┌─ Exercise inputs

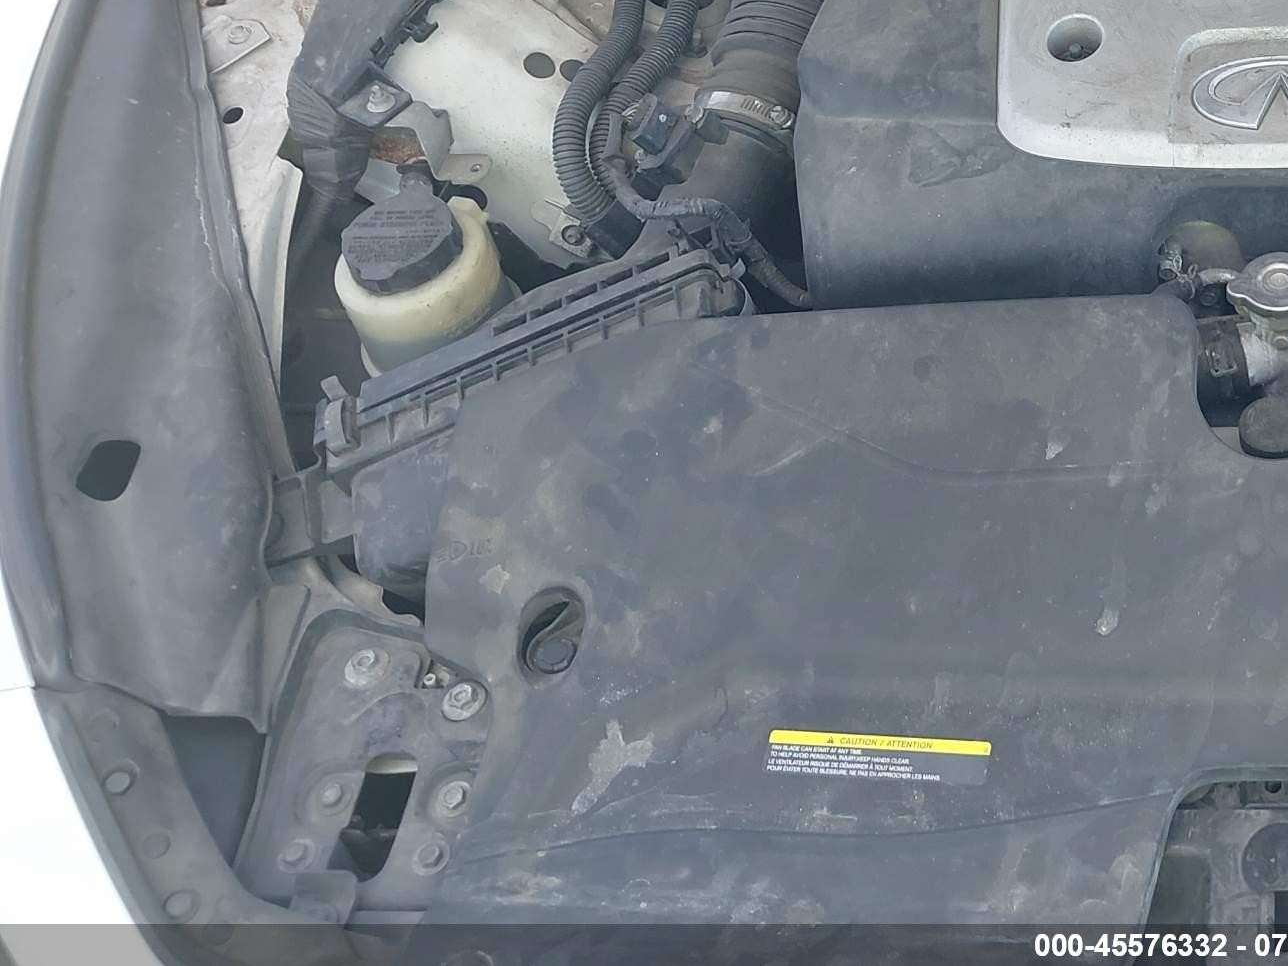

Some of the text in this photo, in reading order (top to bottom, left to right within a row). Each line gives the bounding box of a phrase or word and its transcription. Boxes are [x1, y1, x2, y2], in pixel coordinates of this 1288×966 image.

[840, 737, 877, 746] CAUTION
[886, 740, 933, 749] ATTENTION
[877, 771, 911, 779] APPROCHER
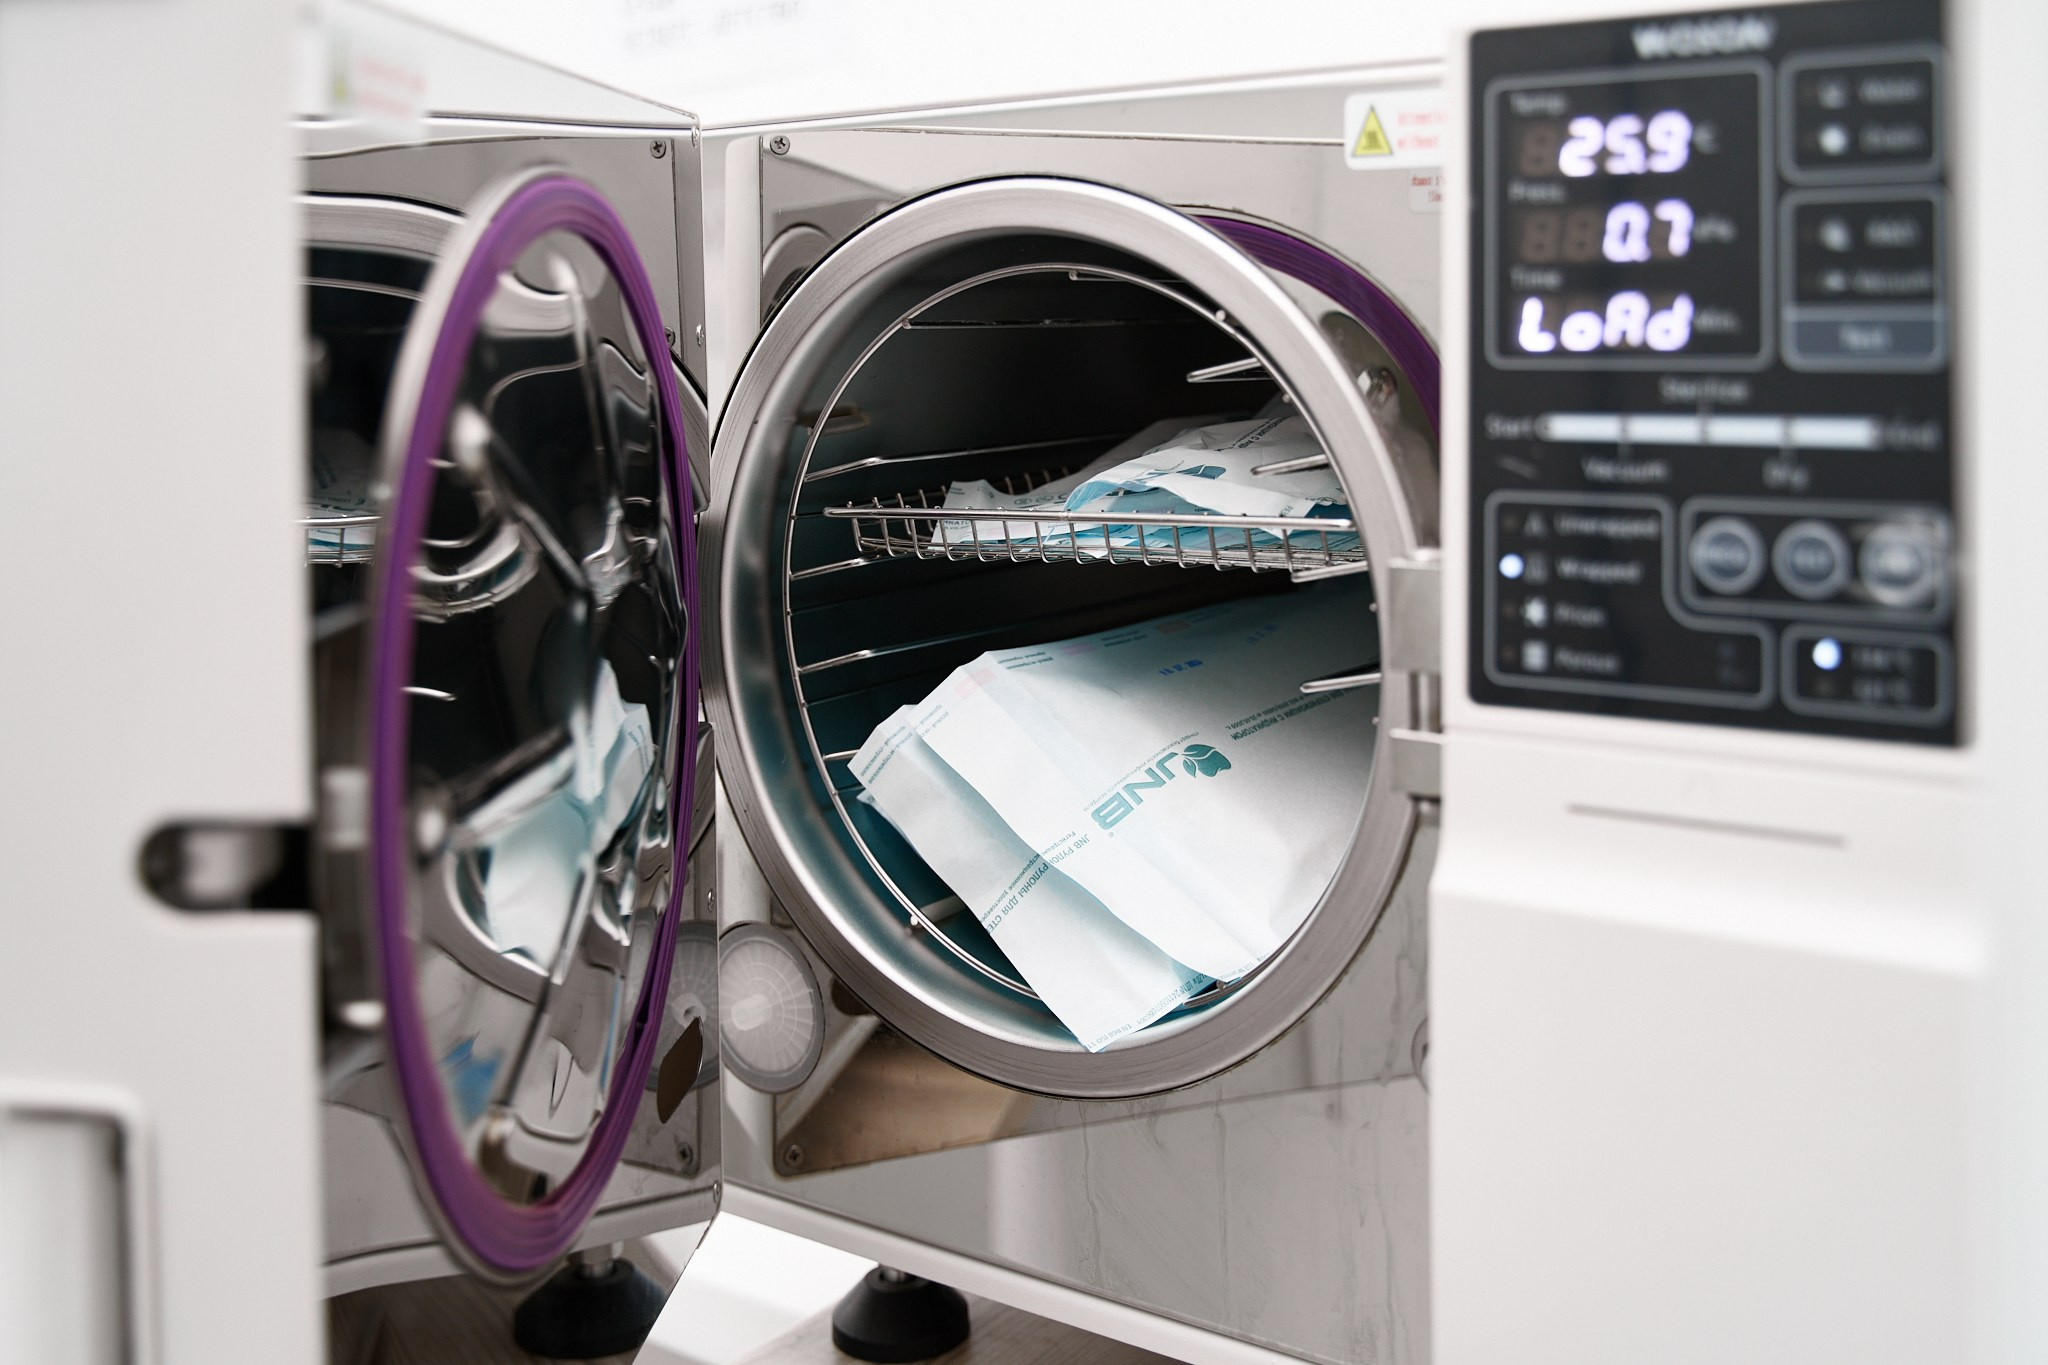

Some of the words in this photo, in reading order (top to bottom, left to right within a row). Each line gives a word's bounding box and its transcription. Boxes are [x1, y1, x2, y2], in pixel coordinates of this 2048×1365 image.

[1091, 749, 1180, 831] JNB
[1072, 833, 1091, 850] JNB
[1016, 862, 1049, 898] РУЛОНЫ
[1000, 894, 1020, 915] ДЛЯ

└─

Work to be completed ->
With the line that contains "Some of the words" as the start, output every line through the end of the entries exactly. Add no other lines.

Answer for this exercise ->
Some of the words in this photo, in reading order (top to bottom, left to right within a row). Each line gives a word's bounding box and its transcription. Boxes are [x1, y1, x2, y2], in pixel coordinates of this 2048×1365 image.

[1091, 749, 1180, 831] JNB
[1072, 833, 1091, 850] JNB
[1016, 862, 1049, 898] РУЛОНЫ
[1000, 894, 1020, 915] ДЛЯ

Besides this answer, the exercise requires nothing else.